This is a heavy post, because I'm just heavy hearted. Seems like lately there is so much death and sadness and health scares everywhere I look. Not sure if this is more common in general or if I'm just more aware of issues now that I'm older and an adult and know to watch for them. Not only my leg and the treatment I had done last week, but also from watching my mother in law in the sate she's in, and them expecting a funeral this week or next, and also watching the broken hearts of the family of a girl I knew from church my entire life pass away last Thursday night from a second battle with cancer. Now I've found a mole/freckle/birthmark spot on Little Miss's head, under her hair above her ear, that I believe has been there her whole life but now my paranoia over my own skin cancer issue has kicked in full force and I'm consumed by this little spot.
I know God is still in control. I know the world will has its troubles and I know our focus is supposed to be on Heaven. I know these things, and trust these things, and believe the promises God gave us in His word about never leaving us nor forsaking us. But wow, some days its harder than others, isn't it? Some days the fear gets control and we get paranoid, we get hypochondriac tendencies, we get consumed with the possibilities and the what ifs and the grief of what is or was.
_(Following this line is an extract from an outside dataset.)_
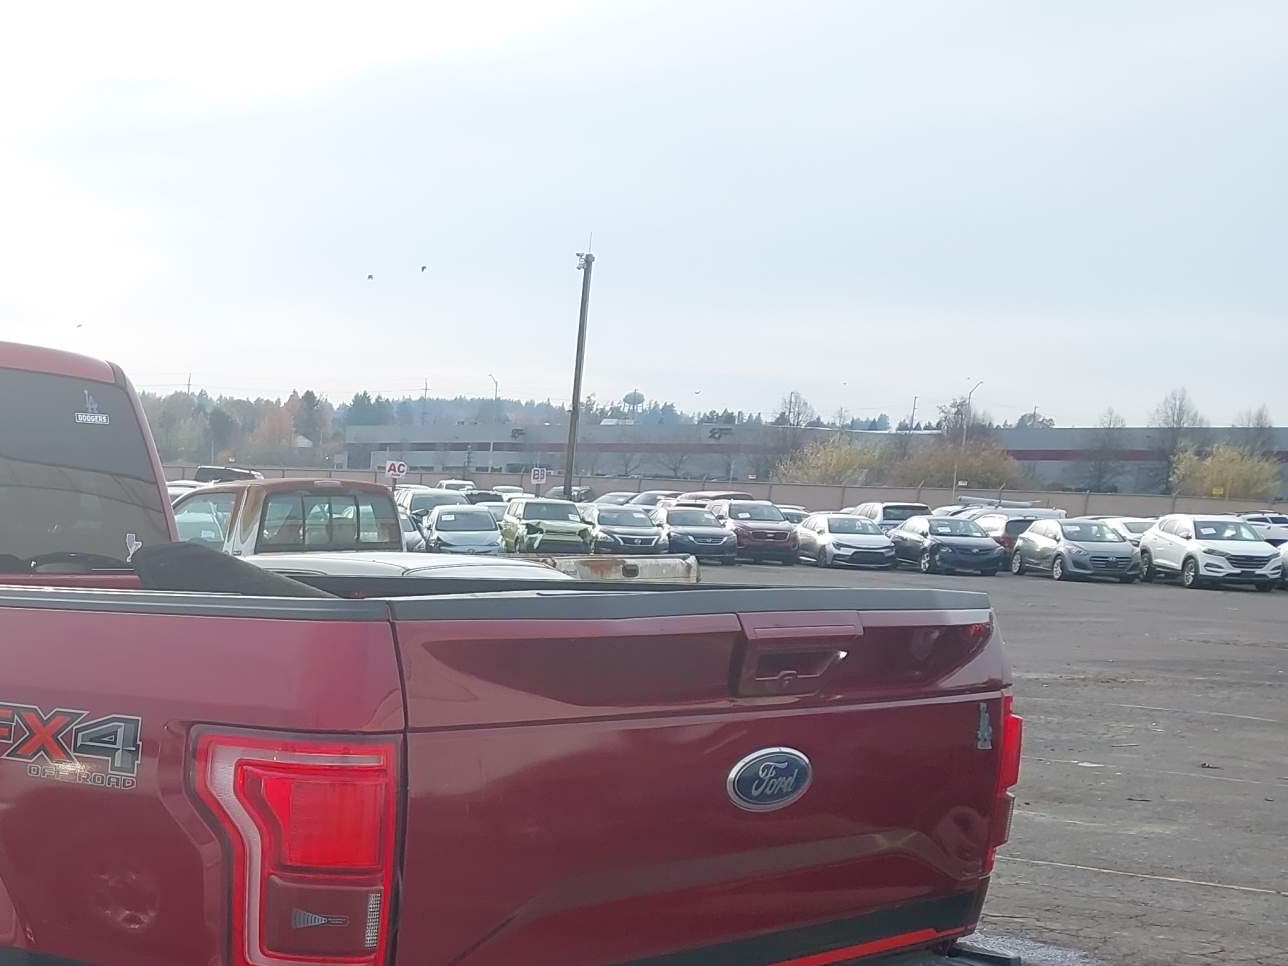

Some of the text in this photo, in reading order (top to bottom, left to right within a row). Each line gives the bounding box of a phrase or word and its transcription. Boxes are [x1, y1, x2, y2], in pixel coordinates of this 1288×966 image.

I don't know why God has allowed this with my mother in law. I don't know why God took a 31 year old new mother after she'd already beaten cancer once. But at the same time, I don't know why He chose to have my skin cancer be such a mild, non-issue when all was said and done. Why NOT me, you know? It's all so hard to understand. I'm grateful for His mercies and His blessings, heartbroken for the ones whom it seems haven't had much of that lately.
It just all goes back to God is God, and I am not, and while that's at times frustrating, its more so just a big relief that I don't HAVE to have it all figured out. I just can rest in His hands. I hope that's what Vanessa's family is doing today. That's what my family, gathered around my mother in law, is trying to do. Vanessa is praising Jesus to His face right now, no longer imagining His glory but viewing it firsthand. Soon my mother in law will be in the same crowd of saints beside her. And while we're left to mourn, we're praising too because we have the hope that one day we'll all be together again.
How do non-Christians do it without that hope?? Boggles my mind. If you're not convinced of where you'll go when you die, if you don't have the hope of heaven for eternity, please email me privately or message me here or find me on FB. Something. Don't wonder anymore. Time is too, too short.
Prayers appreciated for my mother in law and our family during this time, and for my own fearful self that I'll stop letting Satan get a foothold on my insecurities and fears and let God's grace, light, and peace fill those bothersome holes instead. Thank you friends.
If you have prayer requests for this heavy Monday yourself, please share. We need to support each other.